The federal stimulus program overshadowed private sector funding for new broadband infrastructure for more than a year. The National Telecommunications and Information Administration and, to a somewhat lesser extent, the Rural Utilities Service (RUS) threatened to wash out broadband venture opportunities with billions of dollars of grants and loans. Some projects will absorb federal money instead of private risk capital. Most won’t and the surviving opportunities will become evident over the next few months.
Price points, service benchmarks and likelihood
to buy are key data for revenue projectionsLocal agencies and economic development organizations still have the job of attracting that investment. Instead of telling tales of dire need, they’ll be back to the business of encouraging business by documenting unmet demand and offering the right incentives to tip decisions in their direction. I’ll have more to say about sweetening the pot later. The first job is to refocus on demand.
Need and demand are two very different things. Need is a general concept, and leans heavily on qualitative judgments. It’s a useful basis for public policy discussions, and marketers can use it to target services and products. Raw need, though, is not very helpful in making a core business case.
Demand is a precisely defined, quantitative, microeconomic metric. It’s usually the one big missing piece when service providers, and their investors, are evaluating a network build outside of their existing footprint.
Demographics, geography and existing infrastructure are important too, but the first two are freely available and most people who are active in the broadband investment space have a good enough idea of what’s already out there. The state broadband mapping projects funded by the federal stimulus program are likely to be game changers, and that makes it even better.
A good demand study, with estimates of take rates over a range of services and price points, leads to supportable revenue projections. When it comes to attracting an investor, a statistically valid and methodologically sound revenue projection is gold. It’s a lot easier to persuade someone to invest in a project that promises revenue. Investors aren’t interested in much else.

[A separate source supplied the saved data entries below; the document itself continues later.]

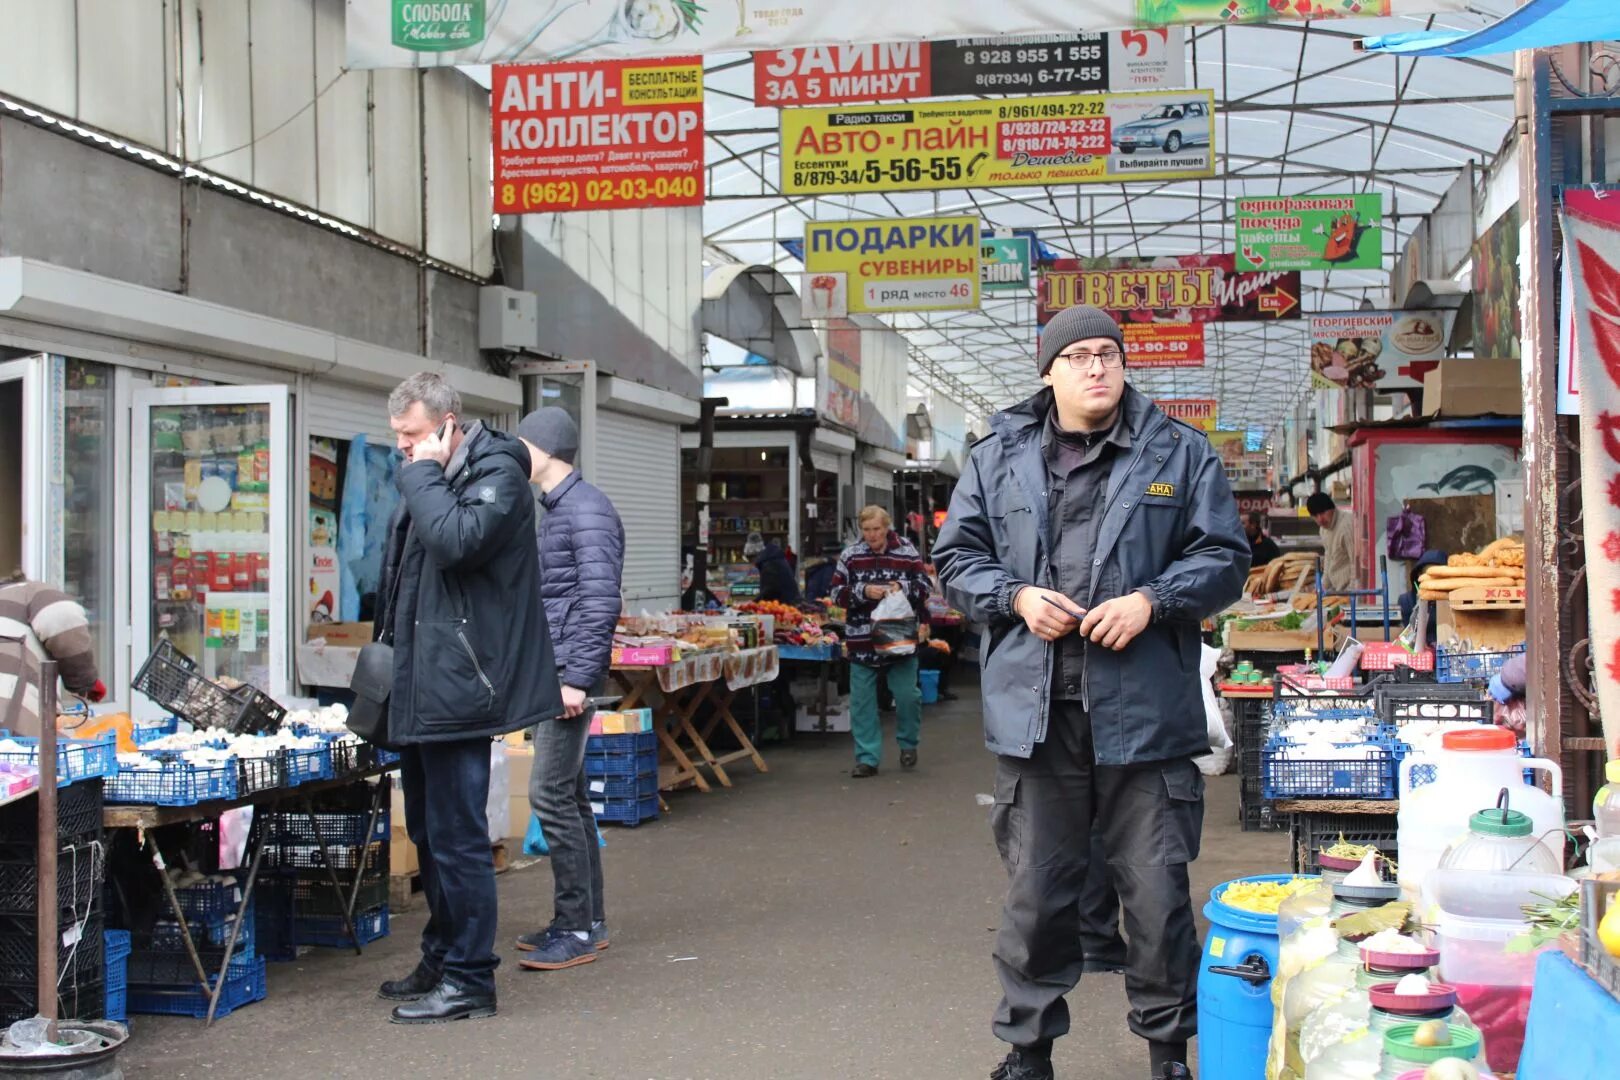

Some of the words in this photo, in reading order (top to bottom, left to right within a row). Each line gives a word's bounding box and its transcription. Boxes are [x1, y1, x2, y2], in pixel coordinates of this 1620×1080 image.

[402, 3, 472, 22] СЛОБОДА
[964, 51, 975, 65] 8
[980, 50, 1012, 64] 928
[1016, 48, 1049, 63] 955
[1053, 47, 1063, 62] 1
[1069, 45, 1101, 61] 555
[628, 70, 697, 86] БЕСПЛАТНЫЕ
[975, 73, 1034, 87] 8(87934)
[1037, 67, 1102, 83] 6-77-55
[500, 70, 617, 112] АНТИ-
[628, 87, 698, 100] КОНСУЛЬТАЦИИ
[765, 79, 799, 101] ЗА
[806, 77, 822, 99] 5
[829, 71, 921, 97] МИНУТ
[836, 113, 871, 125] Радио
[875, 111, 906, 123] такси
[999, 102, 1104, 118] 8/961/494-22-22
[501, 111, 698, 150] КОЛЛЕКТОР
[1002, 119, 1105, 136] 8/928/724-22-22
[1003, 135, 1105, 152] 8/918/74-74-222
[794, 160, 848, 170] Ессентуки
[1010, 151, 1092, 168] Дешевле
[1119, 159, 1169, 169] Выбирайте
[988, 169, 1042, 181] только
[1047, 165, 1104, 179] пешком!
[502, 183, 515, 206] 8
[522, 180, 579, 209] (962)
[585, 175, 697, 202] 02-03-040
[1240, 196, 1354, 214] одноразовая
[1240, 217, 1301, 231] посуда
[812, 224, 974, 255] ПОДАРКИ
[1240, 232, 1300, 244] пакеты
[859, 258, 974, 277] СУВЕНИРЫ
[868, 289, 876, 300] 1
[881, 289, 910, 301] ряд
[950, 283, 969, 297] 46
[1045, 269, 1217, 310] ЦВЕТЫ
[1313, 316, 1393, 327] ГЕОРГИЕВСКИЙ
[1313, 329, 1382, 338] МЯСОКОМБИНАТ

Going forward, public broadband funding will follow private capital. The two big remaining pots of public money belong to state universal service programs such as the California Advanced Services Fund and RUS, both of which require substantial private sector co-investment, sustainable business plans that are well documented and, where RUS is concerned, the ability to take on considerable debt.
Need motivates local governments and organizations to compete for private broadband investment. They’ll win when they can put demand on the table.